- Directions
Each entry needs to be reproduced exactly, with none left out.

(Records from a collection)
_ _ _ _ _
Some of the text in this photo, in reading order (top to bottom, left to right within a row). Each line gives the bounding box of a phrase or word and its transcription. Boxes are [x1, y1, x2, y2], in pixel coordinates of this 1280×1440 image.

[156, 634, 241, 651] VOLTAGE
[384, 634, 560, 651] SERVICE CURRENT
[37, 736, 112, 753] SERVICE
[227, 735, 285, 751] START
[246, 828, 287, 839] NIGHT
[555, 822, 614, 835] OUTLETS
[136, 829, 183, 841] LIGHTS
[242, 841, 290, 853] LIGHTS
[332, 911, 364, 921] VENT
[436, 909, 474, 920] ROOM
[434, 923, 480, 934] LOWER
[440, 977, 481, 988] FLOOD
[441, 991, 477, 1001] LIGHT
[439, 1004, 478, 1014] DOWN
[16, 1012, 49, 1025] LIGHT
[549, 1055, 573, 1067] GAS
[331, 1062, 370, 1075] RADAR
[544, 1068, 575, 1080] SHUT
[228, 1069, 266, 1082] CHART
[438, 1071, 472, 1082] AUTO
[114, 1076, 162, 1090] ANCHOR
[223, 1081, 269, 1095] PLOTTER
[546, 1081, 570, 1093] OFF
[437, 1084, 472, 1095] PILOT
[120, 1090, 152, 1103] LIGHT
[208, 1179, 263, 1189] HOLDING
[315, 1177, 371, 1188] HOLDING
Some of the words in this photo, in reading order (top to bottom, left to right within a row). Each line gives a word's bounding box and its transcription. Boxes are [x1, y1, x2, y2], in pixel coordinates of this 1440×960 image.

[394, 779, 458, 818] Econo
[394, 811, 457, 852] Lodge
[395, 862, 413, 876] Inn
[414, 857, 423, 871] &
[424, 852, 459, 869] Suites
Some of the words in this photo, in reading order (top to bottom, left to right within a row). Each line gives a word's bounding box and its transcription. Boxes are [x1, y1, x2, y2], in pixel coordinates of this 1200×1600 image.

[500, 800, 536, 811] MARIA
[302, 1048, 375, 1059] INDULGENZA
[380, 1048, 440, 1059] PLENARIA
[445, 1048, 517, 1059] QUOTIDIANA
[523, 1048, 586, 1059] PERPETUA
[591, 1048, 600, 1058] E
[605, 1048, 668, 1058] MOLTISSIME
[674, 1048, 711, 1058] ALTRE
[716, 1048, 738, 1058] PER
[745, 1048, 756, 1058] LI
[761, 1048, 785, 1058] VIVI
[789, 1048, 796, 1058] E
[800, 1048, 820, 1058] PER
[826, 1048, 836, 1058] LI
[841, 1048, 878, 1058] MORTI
_ _ _ _ _
- Response area
Some of the text in this photo, in reading order (top to bottom, left to right within a row). Each line gives the bounding box of a phrase or word and its transcription. Boxes are [x1, y1, x2, y2], in pixel coordinates of this 1280×1440 image.

[156, 634, 241, 651] VOLTAGE
[384, 634, 560, 651] SERVICE CURRENT
[37, 736, 112, 753] SERVICE
[227, 735, 285, 751] START
[246, 828, 287, 839] NIGHT
[555, 822, 614, 835] OUTLETS
[136, 829, 183, 841] LIGHTS
[242, 841, 290, 853] LIGHTS
[332, 911, 364, 921] VENT
[436, 909, 474, 920] ROOM
[434, 923, 480, 934] LOWER
[440, 977, 481, 988] FLOOD
[441, 991, 477, 1001] LIGHT
[439, 1004, 478, 1014] DOWN
[16, 1012, 49, 1025] LIGHT
[549, 1055, 573, 1067] GAS
[331, 1062, 370, 1075] RADAR
[544, 1068, 575, 1080] SHUT
[228, 1069, 266, 1082] CHART
[438, 1071, 472, 1082] AUTO
[114, 1076, 162, 1090] ANCHOR
[223, 1081, 269, 1095] PLOTTER
[546, 1081, 570, 1093] OFF
[437, 1084, 472, 1095] PILOT
[120, 1090, 152, 1103] LIGHT
[208, 1179, 263, 1189] HOLDING
[315, 1177, 371, 1188] HOLDING
Some of the words in this photo, in reading order (top to bottom, left to right within a row). Each line gives a word's bounding box and its transcription. Boxes are [x1, y1, x2, y2], in pixel coordinates of this 1440×960 image.

[394, 779, 458, 818] Econo
[394, 811, 457, 852] Lodge
[395, 862, 413, 876] Inn
[414, 857, 423, 871] &
[424, 852, 459, 869] Suites
Some of the words in this photo, in reading order (top to bottom, left to right within a row). Each line gives a word's bounding box and its transcription. Boxes are [x1, y1, x2, y2], in pixel coordinates of this 1200×1600 image.

[500, 800, 536, 811] MARIA
[302, 1048, 375, 1059] INDULGENZA
[380, 1048, 440, 1059] PLENARIA
[445, 1048, 517, 1059] QUOTIDIANA
[523, 1048, 586, 1059] PERPETUA
[591, 1048, 600, 1058] E
[605, 1048, 668, 1058] MOLTISSIME
[674, 1048, 711, 1058] ALTRE
[716, 1048, 738, 1058] PER
[745, 1048, 756, 1058] LI
[761, 1048, 785, 1058] VIVI
[789, 1048, 796, 1058] E
[800, 1048, 820, 1058] PER
[826, 1048, 836, 1058] LI
[841, 1048, 878, 1058] MORTI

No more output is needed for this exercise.